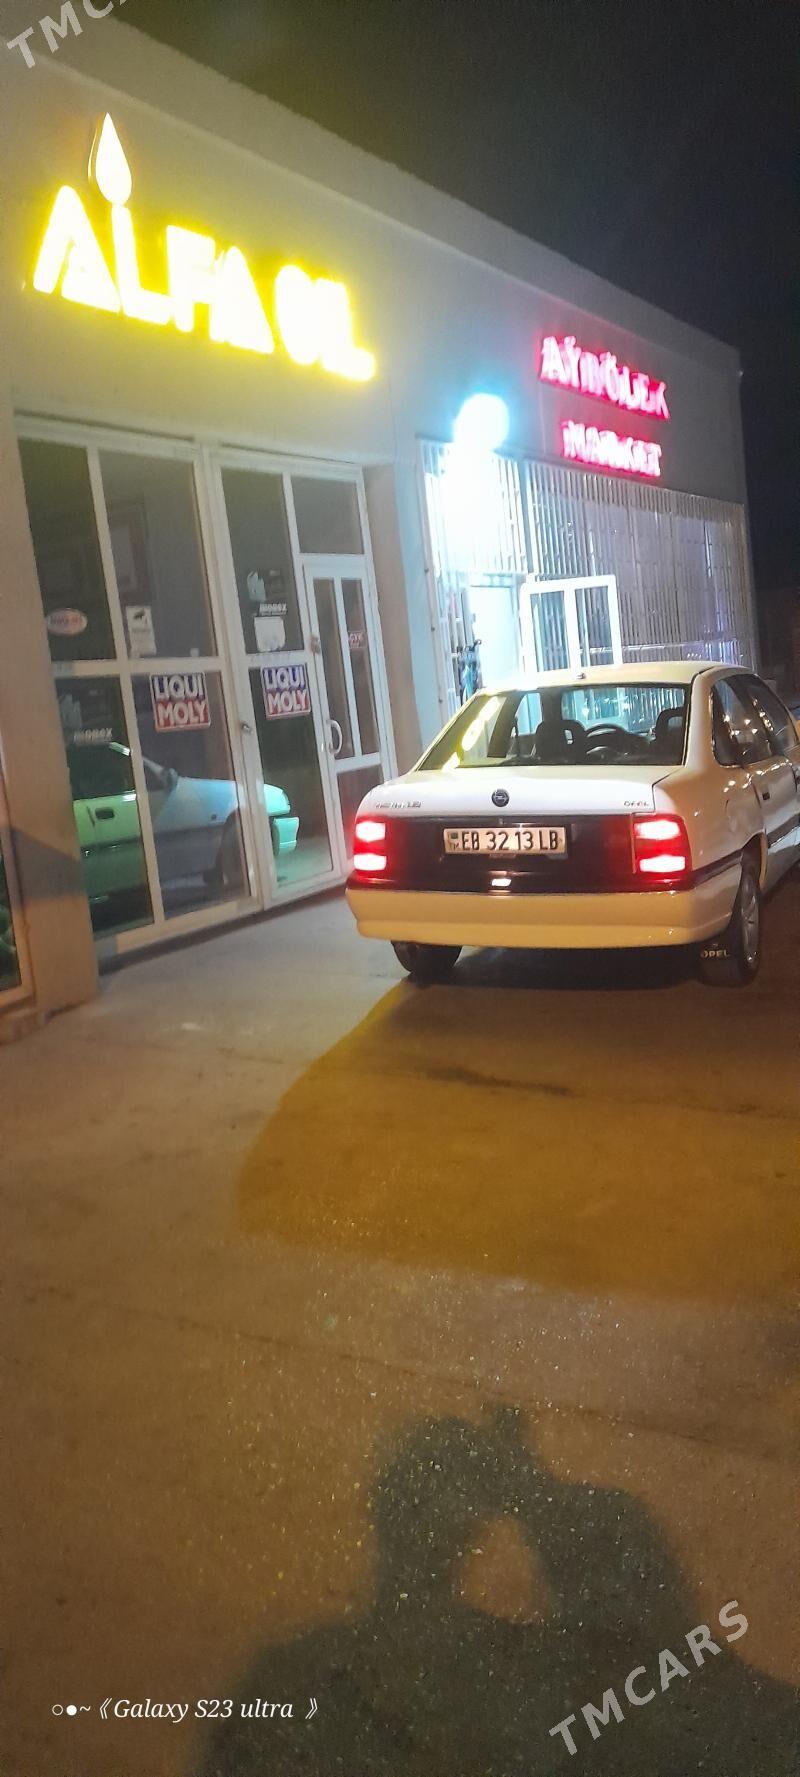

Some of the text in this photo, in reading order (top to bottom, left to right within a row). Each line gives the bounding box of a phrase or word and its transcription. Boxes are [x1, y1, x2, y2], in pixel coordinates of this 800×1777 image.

[33, 185, 375, 381] ALFA OIL
[153, 673, 205, 699] LIQUI
[264, 666, 305, 691] LIQUI
[156, 700, 207, 727] MOLY
[267, 689, 308, 715] MOLY
[461, 831, 480, 850] EB
[486, 831, 509, 850] 32
[515, 831, 534, 850] 13
[539, 831, 559, 850] LB

◆ Brief
An exact copy of the entries, without any pictures, is what the answer should be.

◆ Written answer
Some of the text in this photo, in reading order (top to bottom, left to right within a row). Each line gives the bounding box of a phrase or word and its transcription. Boxes are [x1, y1, x2, y2], in pixel coordinates of this 800×1777 image.

[33, 185, 375, 381] ALFA OIL
[153, 673, 205, 699] LIQUI
[264, 666, 305, 691] LIQUI
[156, 700, 207, 727] MOLY
[267, 689, 308, 715] MOLY
[461, 831, 480, 850] EB
[486, 831, 509, 850] 32
[515, 831, 534, 850] 13
[539, 831, 559, 850] LB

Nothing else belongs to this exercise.